## HOW TO COMPLETE THIS TASK:
Restate the records in full, keeping every word as it is.

## Referring expression grounding data:
◇ ◇ ◇ ◇ ◇

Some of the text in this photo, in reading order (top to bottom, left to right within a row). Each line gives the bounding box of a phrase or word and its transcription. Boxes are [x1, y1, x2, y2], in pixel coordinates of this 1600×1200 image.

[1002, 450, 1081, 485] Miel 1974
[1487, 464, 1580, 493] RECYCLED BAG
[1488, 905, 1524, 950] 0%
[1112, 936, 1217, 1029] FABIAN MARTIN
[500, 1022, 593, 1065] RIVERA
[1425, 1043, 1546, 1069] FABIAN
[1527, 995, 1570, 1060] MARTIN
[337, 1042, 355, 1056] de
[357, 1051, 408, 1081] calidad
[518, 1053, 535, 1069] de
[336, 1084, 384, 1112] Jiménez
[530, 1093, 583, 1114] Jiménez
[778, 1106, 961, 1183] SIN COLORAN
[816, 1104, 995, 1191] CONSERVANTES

◇ ◇ ◇ ◇ ◇

## TASK ANSWER:
Some of the text in this photo, in reading order (top to bottom, left to right within a row). Each line gives the bounding box of a phrase or word and its transcription. Boxes are [x1, y1, x2, y2], in pixel coordinates of this 1600×1200 image.

[1002, 450, 1081, 485] Miel 1974
[1487, 464, 1580, 493] RECYCLED BAG
[1488, 905, 1524, 950] 0%
[1112, 936, 1217, 1029] FABIAN MARTIN
[500, 1022, 593, 1065] RIVERA
[1425, 1043, 1546, 1069] FABIAN
[1527, 995, 1570, 1060] MARTIN
[337, 1042, 355, 1056] de
[357, 1051, 408, 1081] calidad
[518, 1053, 535, 1069] de
[336, 1084, 384, 1112] Jiménez
[530, 1093, 583, 1114] Jiménez
[778, 1106, 961, 1183] SIN COLORAN
[816, 1104, 995, 1191] CONSERVANTES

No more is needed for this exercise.